Metabolic stress-induced microRNA and mRNA expression profiles of human fibroblasts.

Metabolic and oxidative stresses induce physiological adaptation processes, disrupting a finely tuned, coordinated network of gene expression. To better understand the interplay between the mRNA and miRNA transcriptomes, we examined how two distinct metabolic stressors alter the expression profile of human dermal fibroblasts. Primary fibroblast cultures were obtained from skin biopsies of 17 healthy subjects. Metabolic stress was evoked by growing subcultured cells in glucose deprived, galactose enriched (GAL) or lipid reduced, cholesterol deficient (RL) media, and compared to parallel-cultured fibroblasts grown in standard (STD) medium. This was followed by mRNA expression profiling and assessment of >1000 miRNAs levels across all three conditions. The miRNA expression levels were subsequently correlated to the mRNA expression profile. Metabolic stress by RL and GAL both produced significant, strongly correlated mRNA/miRNA changes. At the single gene level four miRNAs (miR-129-3p, miR-146b-5p, miR-543 and miR-550a) showed significant and comparable expression changes in both experimental conditions. These miRNAs appeared to have a significant physiological effect on the transcriptome, as nearly 10% of the predicted targets reported changes at mRNA level. The two distinct metabolic stressors induced comparable changes in the miRNome profile, suggesting a common defensive response of the fibroblasts to altered homeostasis. The differentially expressed miR-129-3p, miR-146b-5p, miR-543 and miR-550a regulated multiple genes (e.g.

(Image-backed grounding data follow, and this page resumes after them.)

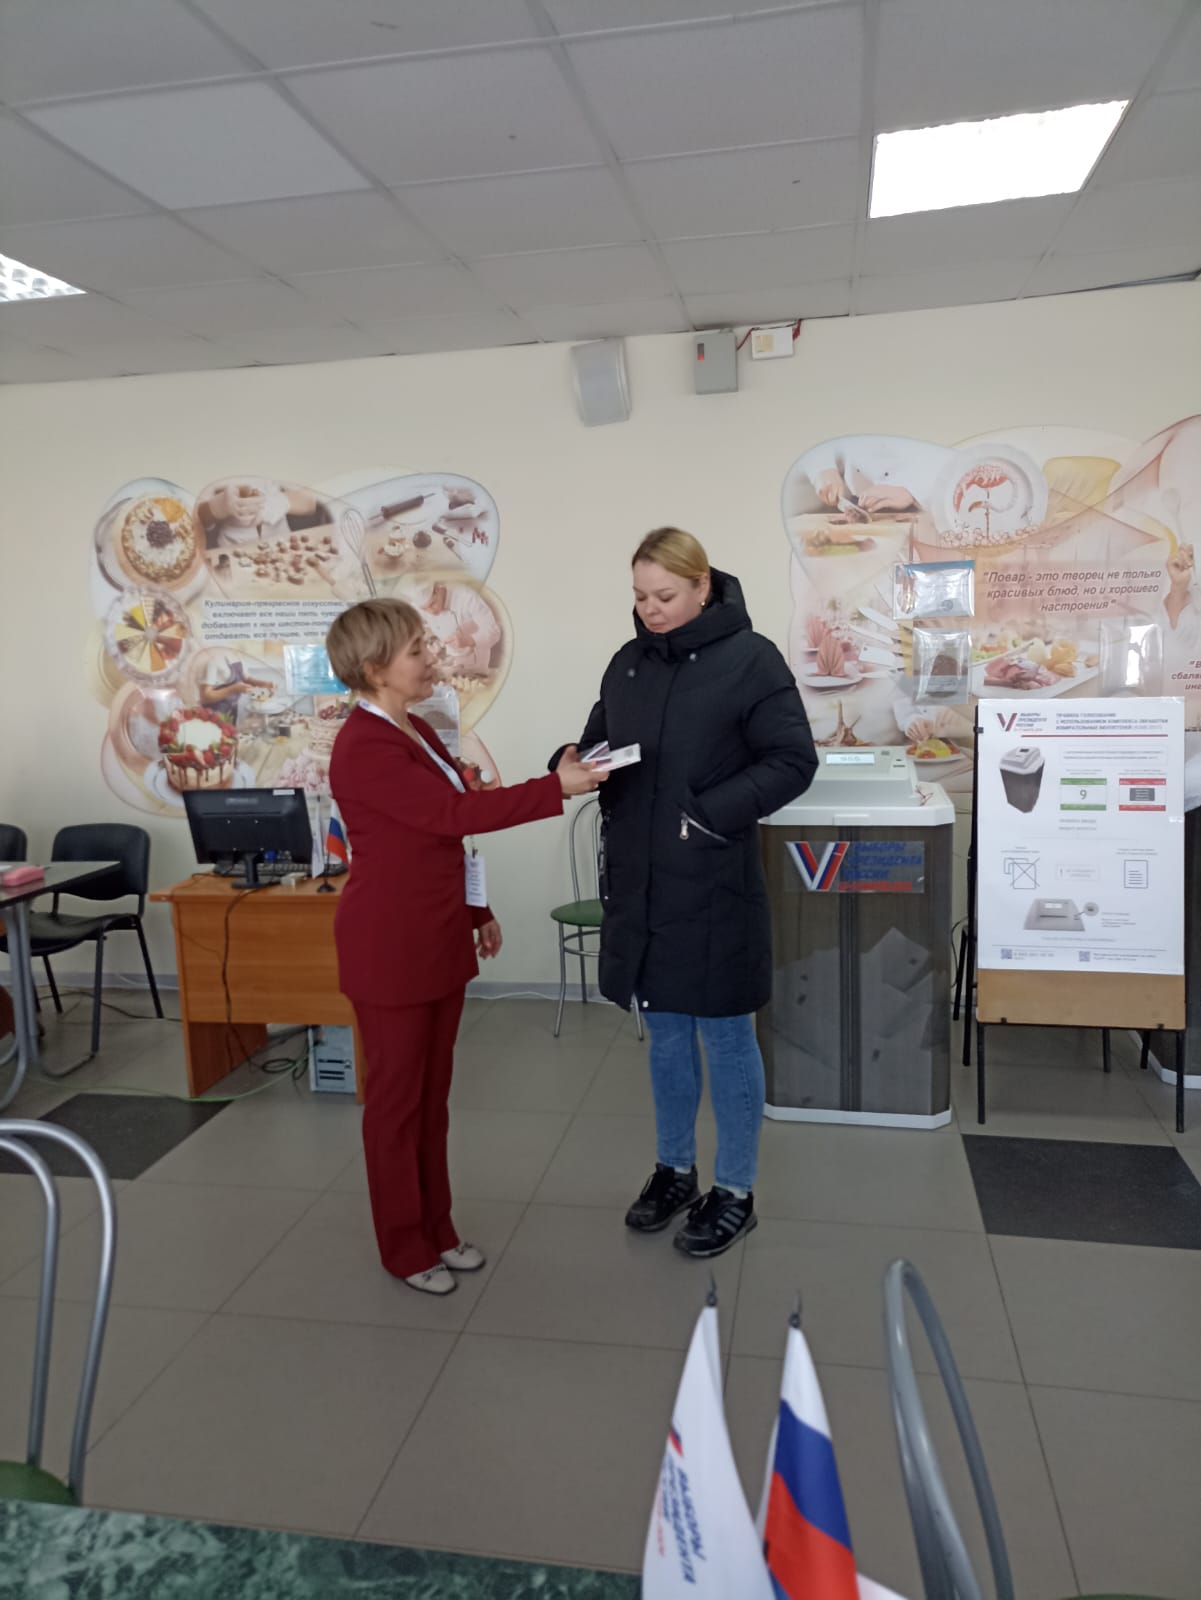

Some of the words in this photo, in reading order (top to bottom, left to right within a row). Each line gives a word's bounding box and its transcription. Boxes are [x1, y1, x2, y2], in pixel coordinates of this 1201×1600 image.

[983, 572, 1026, 583] "Повар
[1035, 573, 1059, 581] это
[1061, 572, 1104, 583] творец
[1122, 570, 1162, 578] только
[986, 588, 1044, 600] красивых
[1047, 586, 1080, 597] блюд,
[1083, 587, 1097, 595] но
[1099, 587, 1106, 595] и
[1108, 584, 1159, 596] хорошего
[1080, 789, 1087, 800] 9
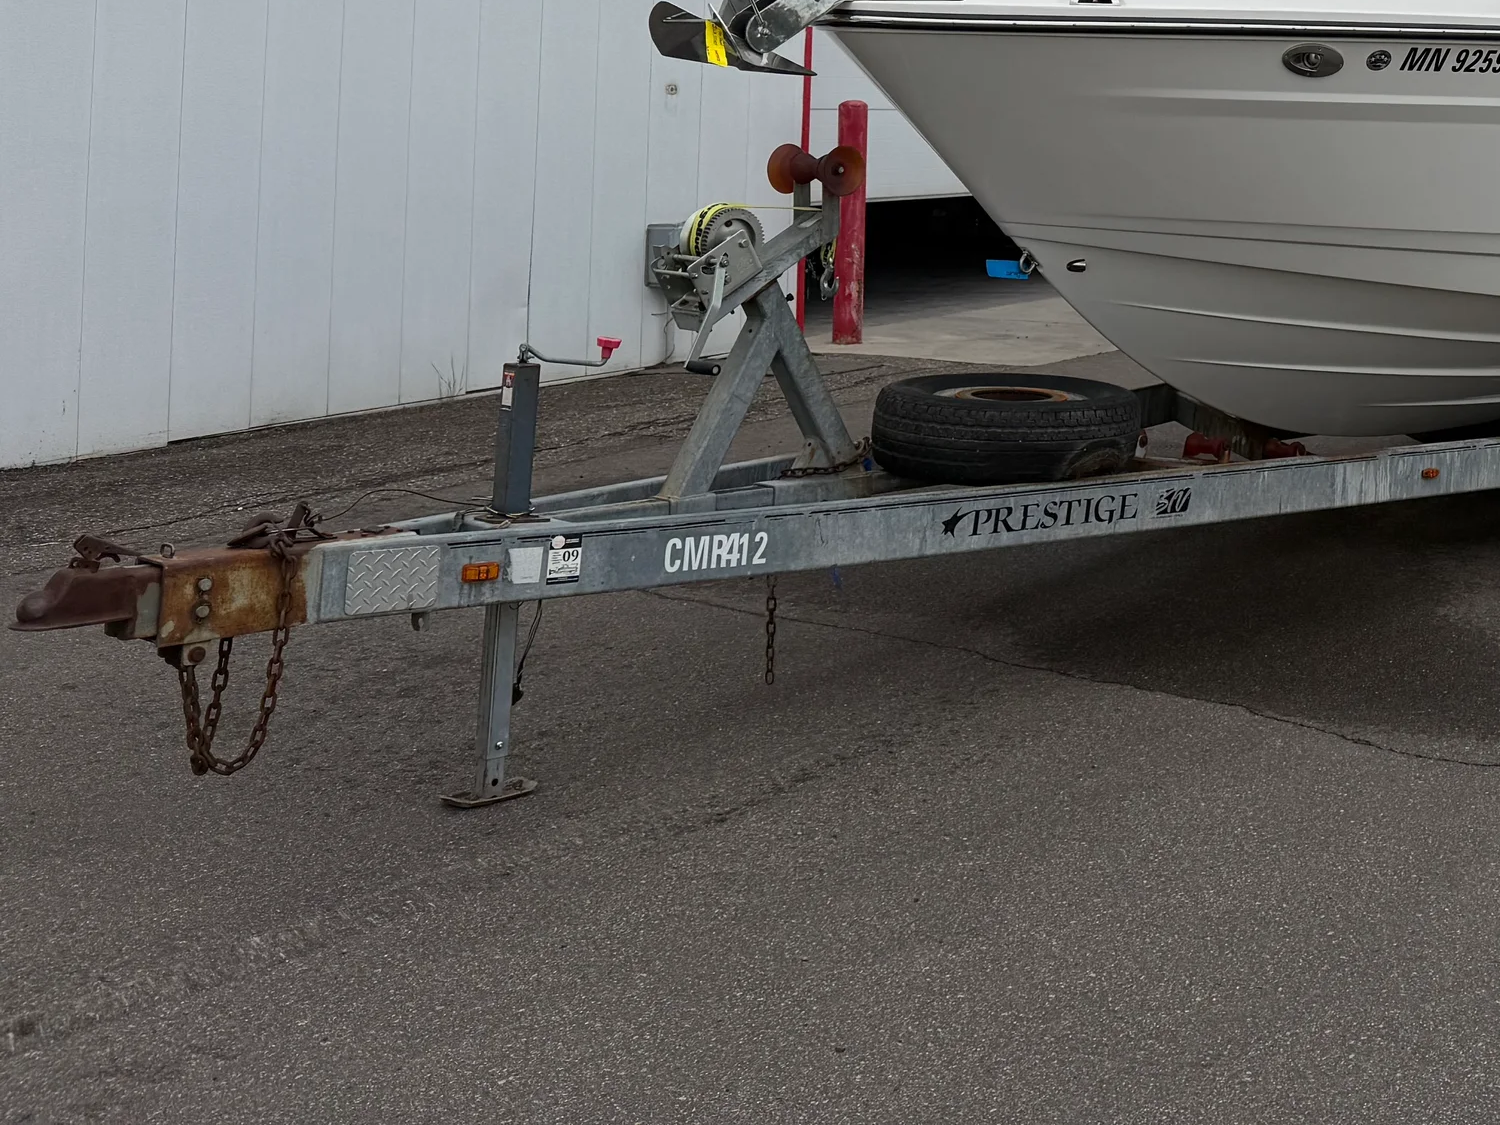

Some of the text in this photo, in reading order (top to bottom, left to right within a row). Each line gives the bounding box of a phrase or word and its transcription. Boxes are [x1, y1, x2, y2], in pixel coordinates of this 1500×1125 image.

NGEF, NOVA1, PDE5A) with region- and age-specific transcription in the human brain, suggesting that deregulation of these miRNAs might have significant consequences on CNS function. The overall findings suggest that analysis of stress-induced responses of peripheral fibroblasts, obtained from patients with psychiatric disorders is a promising avenue for future research endeavors.